Long post alert - takeaway is 'we are all different', so you don't need to read the rest, but I found total abstinence so much easier than moderation. Over the years I tried so many 'regimes' - not drinking two nights in a row, only drinking when there's a 'reason' (yeah, a reason like fancying a drink), some daft thing about tipping a glass out of each bottle down the sink (I know🙄), pre-selecting three days from every week and only drinking on those days. Obviously none of them worked. In fact, trying to stick to pointless rules just made things worse, as they involved thinking about it all, or writing things down.
Personally, I hate rules and structure😂. I'm very definitely likely to rebel against anything that seems like a pointless restriction of my freedom to do harmful things. It's like I'm stuck at the 14 year old stage. There were so many rules growing up, with consequences for breaking them that they make me anxious. For me, it was so much simpler just to accept that I don't drink (made easier by believing that I would die if I did - that's a serious motivator!) and that was that. No 'can I drink on Tuesday this week?' 'Does continuing drinking after midnight count as drinking on both days or just the one when I poured the first glass?' 'As I've poured a glass out of the first bottle, is that it, or do I also have to pour one out of the second? Or the third?' All of that obsessing meant thinking about alcohol, as was reading 'quit lit', which I also hated. AA would definitely not have worked for me for the same reason. Going somewhere specifically to talk about alcohol when I was trying hard not to think about alcohol just seems counterproductive to me.
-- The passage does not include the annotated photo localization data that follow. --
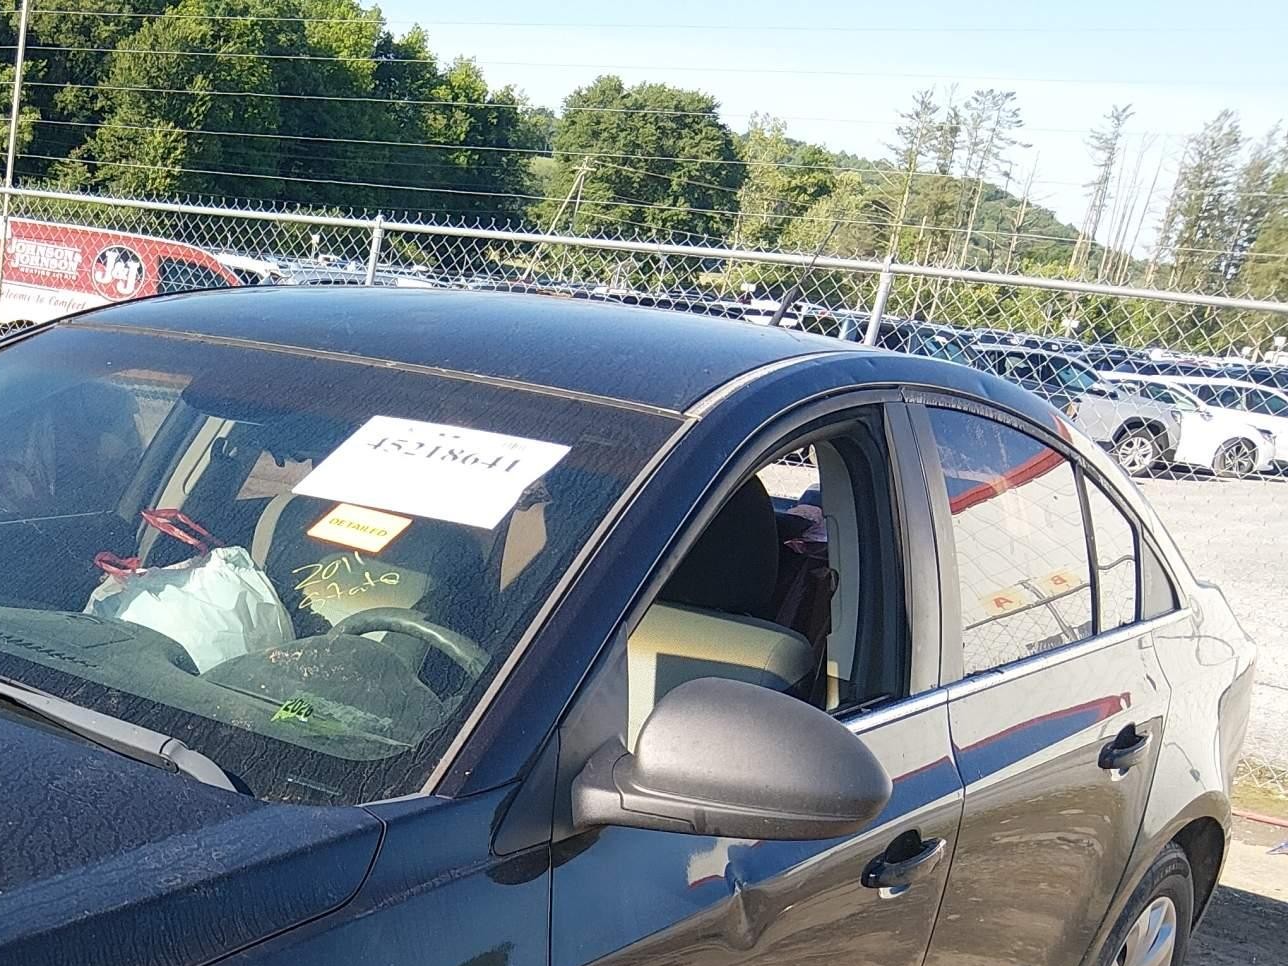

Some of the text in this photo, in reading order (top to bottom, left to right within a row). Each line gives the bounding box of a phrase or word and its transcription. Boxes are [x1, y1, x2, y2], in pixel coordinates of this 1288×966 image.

[11, 253, 79, 273] JOHNSON
[95, 250, 140, 295] J&J
[367, 436, 521, 473] 45218641
[328, 517, 388, 538] DETAILED
[292, 550, 365, 591] 2011
But that's the important thing - we are all different. AA clearly does work for many people. Quit lit sells in huge quantities, and people obviously get a lot out of it. Rules keep some people sane. Mostly, I just crack on and leave others to do their thing unless it's harming me. I'm not talking about general tolerance - I'm no Dalai Lama and can be as crabby as the next old bat - but when it comes to what works surrounding sobriety, I don't think there are lines in the sand. Some people disapprove of AF drinks, but they made (and still make) life easier for me. It doesn't bother me if people drink around me, or talk about doing so. I used to be vegetarian, and it didn't get upset when people talked about the delicious steak they had the night before. I don't even care when people bore on about football - maybe I am the Dalai Lama?🤔. To me it's the same principle.
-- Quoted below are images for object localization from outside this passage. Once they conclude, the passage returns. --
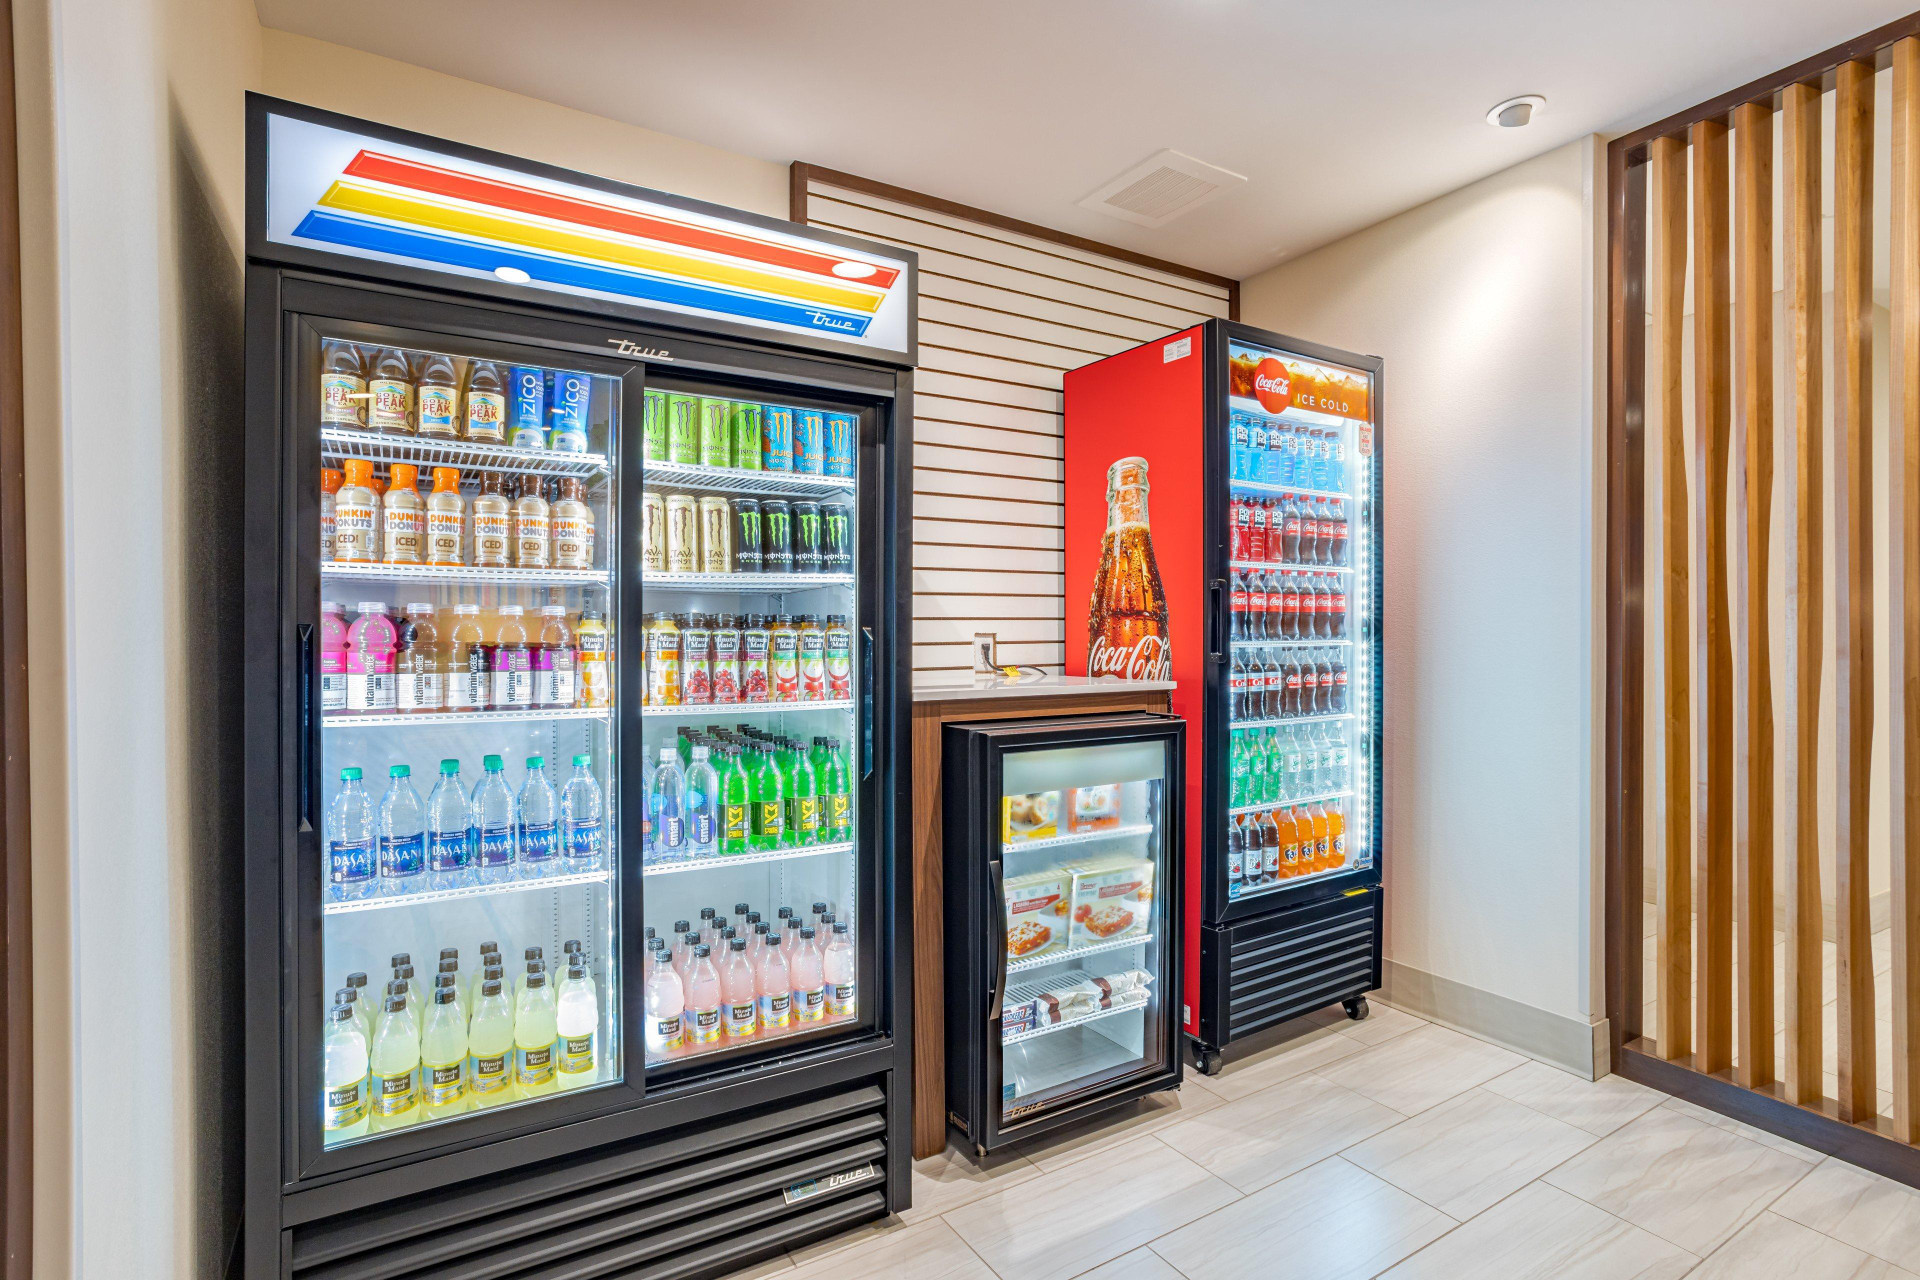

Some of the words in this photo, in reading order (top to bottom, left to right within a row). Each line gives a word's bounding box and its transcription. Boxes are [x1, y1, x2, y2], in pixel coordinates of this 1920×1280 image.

[806, 312, 857, 331] true
[608, 338, 674, 361] true
[1256, 374, 1290, 395] Coca-Cola
[376, 398, 406, 409] PEAK
[1298, 393, 1315, 406] ICE
[1321, 399, 1349, 413] COLD
[423, 404, 451, 414] PEAK
[470, 409, 497, 420] PEAK
[668, 817, 679, 846] smart
[699, 814, 709, 843] smart
[569, 1040, 589, 1048] Minute
[572, 1045, 586, 1053] Maid
[528, 1052, 549, 1060] Minute
[480, 1060, 502, 1068] Minute
[436, 1068, 458, 1078] Minute
[438, 1074, 455, 1082] Maid
[384, 1078, 409, 1088] Minute
[387, 1084, 406, 1092] Maid
[331, 1090, 356, 1100] Minute
[334, 1096, 353, 1105] Maid
The only thing I can remember that I did find harmful was on another board that's closed now. The rule was 'no judgement', which is great, but it was translated to 'pretend that it's ok to lapse so long as you admit it'. The structure was that there were forums for each stage of the journey, and you moved up when you hit a milestone and posted in the relevant bit as well as the 'whole board' forums. People used to be stuck on the 'early days' section for years. They'd come on and talk about how they'd been unable to resist a delicious chilled glass of white then drank four bottles, and everyone would empathise and welcome them back with hugz and sympathy every time. In itself, that's fine (most of us try and fail several times before it finally sticks - I certainly did), but it reached the point where in order to feel included you had to have a few 'lapses' behind you, and it wasn't really a 'quit' forum at all - it was a 'boozers who wish they didn't drink' one, and that didn't work for me. I had to stay away until I passed that stage and joined in the next one up, where the more serious attempts were being made. People still lapsed, but it felt more like real lapses, not attention-seeking. Saying 'oh never mind, just this once won't do any harm' a hundred times to people with medical issues was irresponsible. It wasn't 'just once' - it was every Saturday night so it would do harm, and others who were really struggling to stay sober had to read it. Anyway, maybe that approach helped others, but it didn't work for me.
*All of this is a long-winded way of saying that we all have to find our own approach and stick to it.